The Company also acquired 200,000 shares of Golden Chief Resources,
Inc. GCRI is a fully reporting corporation that is in the process of
acquiring an existing business. There is no current market for the
stock.
NOTE 4: CURRENT ACTIVITIES AND SUBSEQUENT EVENTS
During the January 2000, the Company filed Form 10-SB with the
Securities and Exchange Commission. This filing places the Company
as a fully reporting entity with the SEC. The Company has received
inquires from several privately held companies regarding a possible
merger or acquisition. Management has held meetings and discussions
with some of these companies, but no proposals or deals have been
consummated as of the date of this report. Management plans to
continue to pursue these opportunities vigorously and has an
agreement with a consultant who is to assist in identifying merger
candidates and contract negotiations.
Item 2. Plan of Operation
The Company is a development stage enterprise. Since inception, the plan
of operation has included investing in a business, preferably technology
related, either through its own start up operations, or through a possible
acquisition or merger with a private company.
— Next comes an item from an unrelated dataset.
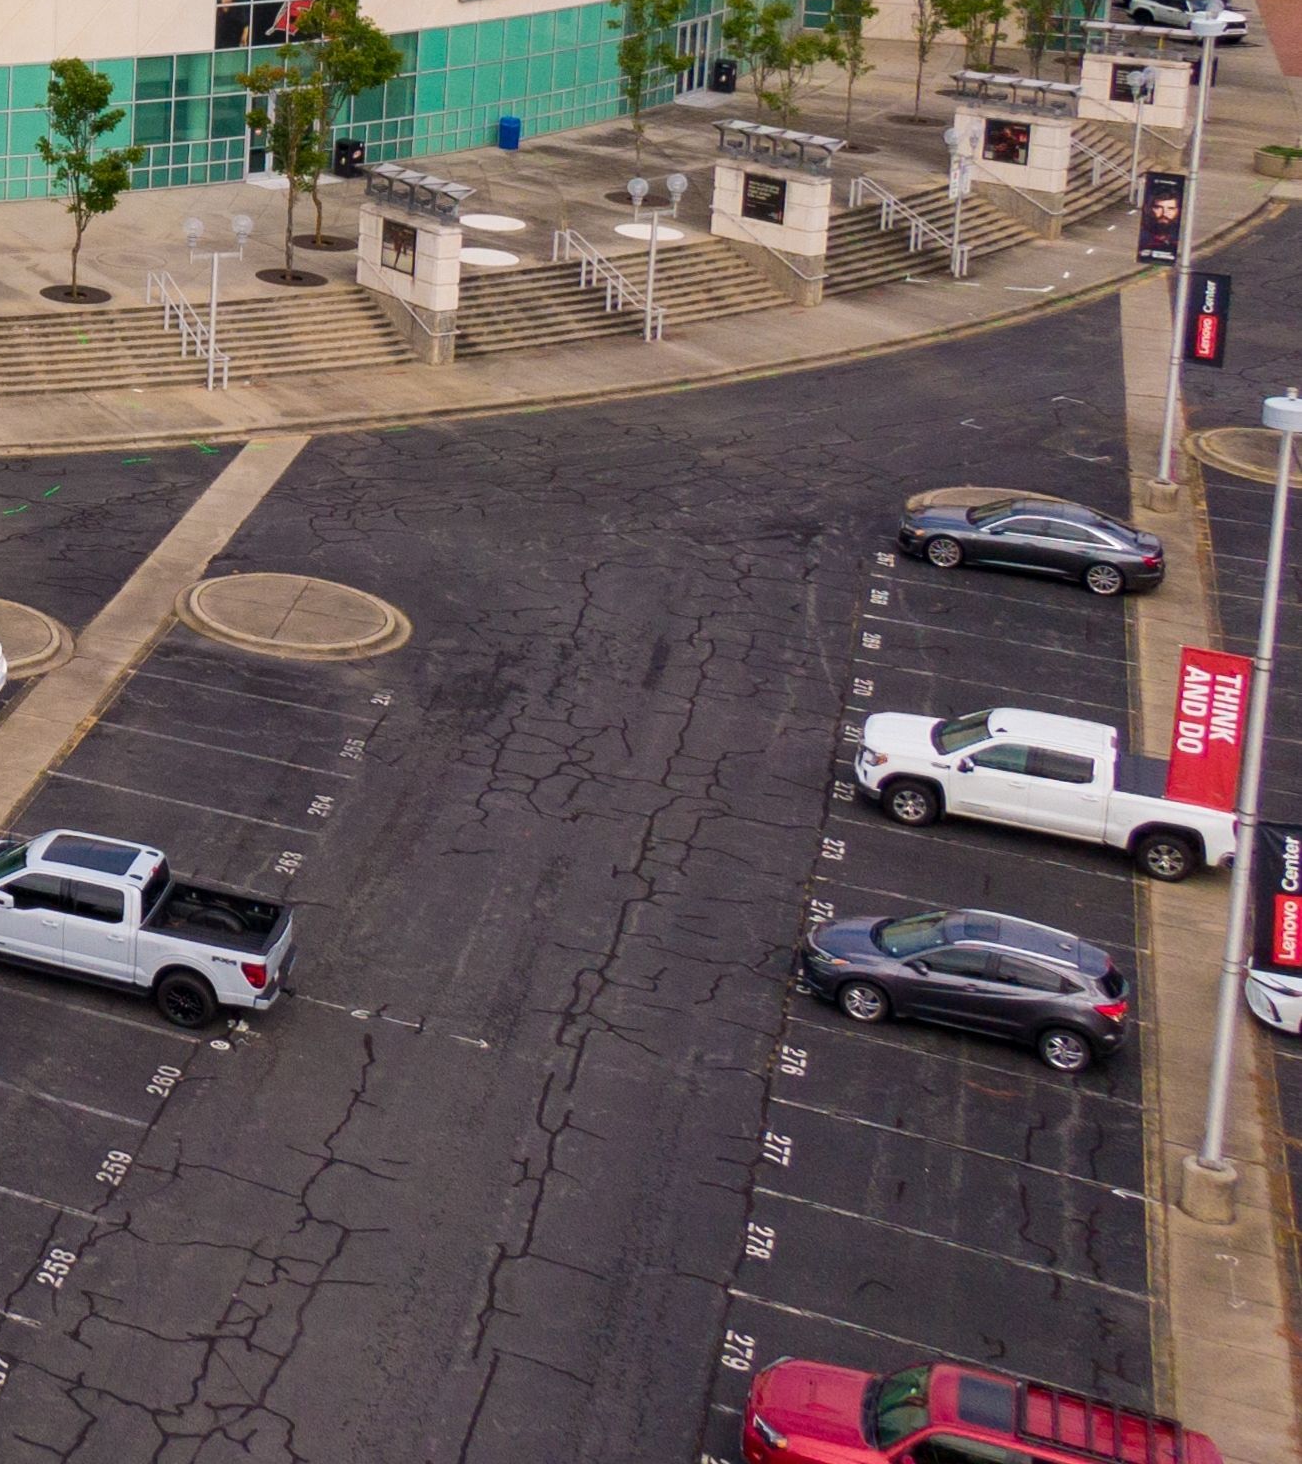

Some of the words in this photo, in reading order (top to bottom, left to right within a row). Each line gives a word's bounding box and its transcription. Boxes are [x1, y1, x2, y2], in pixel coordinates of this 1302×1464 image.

As a development stage enterprise the Company has no operating revenues,
but has accumulated cash through the sale of marketable securities.
Cumulatively during the development stage the Company is showing a net
profit.
Total assets were $259,007 for this quarter compared to $193,179 in the
previous quarter, with 56% of the asset base being cash and 22% being
marketable securities (see Note 3: Investments). The Company believes it
can satisfy its cash requirements for the next twelve months through the
sale of its marketable securities, if necessary. Total stockholders'
equity increased by 33% over the last quarter.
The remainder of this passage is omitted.